[Task description]: Could you reproduce every entry as it stands, leaving the pictures behind?

[Dataset content]:

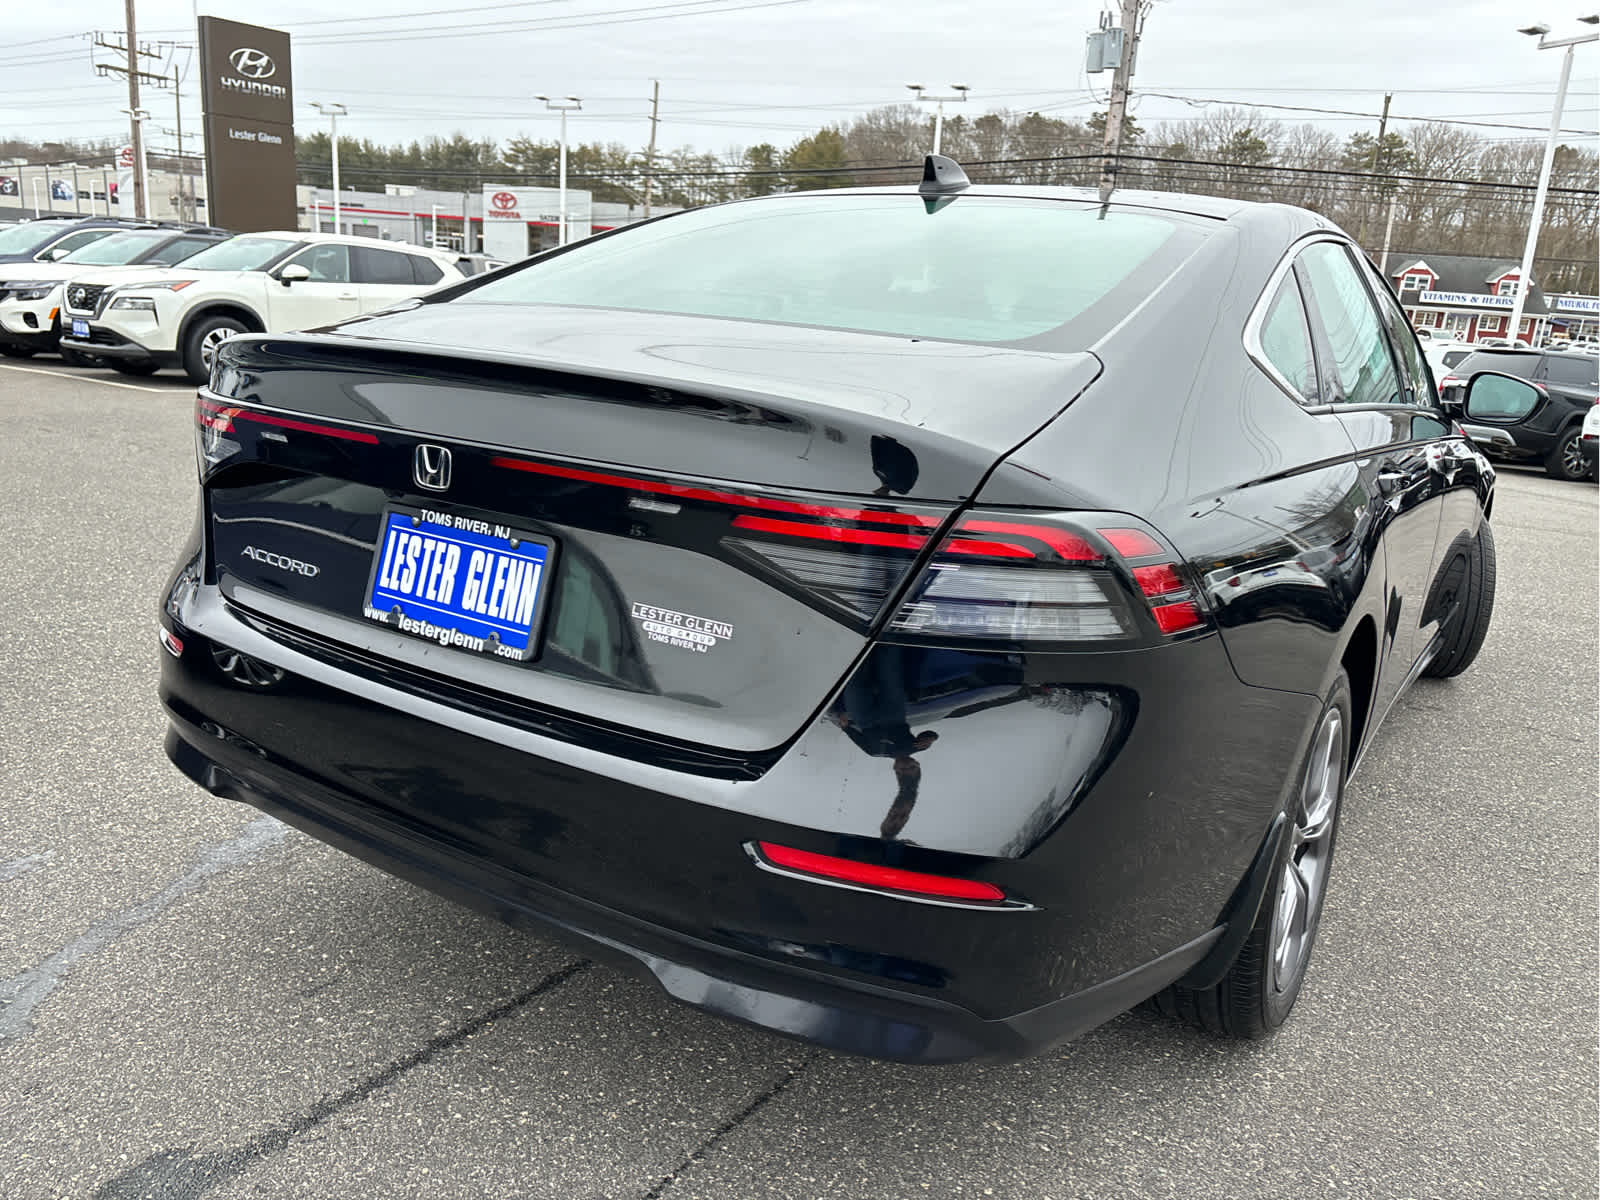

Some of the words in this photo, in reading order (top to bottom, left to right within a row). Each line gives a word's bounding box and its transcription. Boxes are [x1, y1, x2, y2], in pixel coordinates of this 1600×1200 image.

[220, 76, 287, 98] HYUNDAI
[229, 128, 256, 141] Lester
[258, 132, 282, 145] Glenn
[488, 210, 521, 219] TOYOTA
[1423, 292, 1467, 304] VITAMINS
[1470, 295, 1479, 304] &
[1482, 296, 1514, 306] HERBS
[1560, 299, 1590, 309] NATURAL
[421, 509, 453, 527] TOMS
[454, 516, 492, 537] RIVER,
[495, 524, 511, 540] NJ
[240, 545, 320, 577] ACCORD
[379, 529, 461, 606] LESTER
[461, 549, 542, 627] GLENN
[631, 604, 683, 626] LESTER
[685, 617, 733, 638] GLENN
[645, 622, 672, 636] AUTO
[675, 629, 714, 645] GROUP
[647, 631, 670, 644] TOMS
[670, 637, 696, 652] RIVER,
[696, 643, 708, 653] NJ

[Response]:
Some of the words in this photo, in reading order (top to bottom, left to right within a row). Each line gives a word's bounding box and its transcription. Boxes are [x1, y1, x2, y2], in pixel coordinates of this 1600×1200 image.

[220, 76, 287, 98] HYUNDAI
[229, 128, 256, 141] Lester
[258, 132, 282, 145] Glenn
[488, 210, 521, 219] TOYOTA
[1423, 292, 1467, 304] VITAMINS
[1470, 295, 1479, 304] &
[1482, 296, 1514, 306] HERBS
[1560, 299, 1590, 309] NATURAL
[421, 509, 453, 527] TOMS
[454, 516, 492, 537] RIVER,
[495, 524, 511, 540] NJ
[240, 545, 320, 577] ACCORD
[379, 529, 461, 606] LESTER
[461, 549, 542, 627] GLENN
[631, 604, 683, 626] LESTER
[685, 617, 733, 638] GLENN
[645, 622, 672, 636] AUTO
[675, 629, 714, 645] GROUP
[647, 631, 670, 644] TOMS
[670, 637, 696, 652] RIVER,
[696, 643, 708, 653] NJ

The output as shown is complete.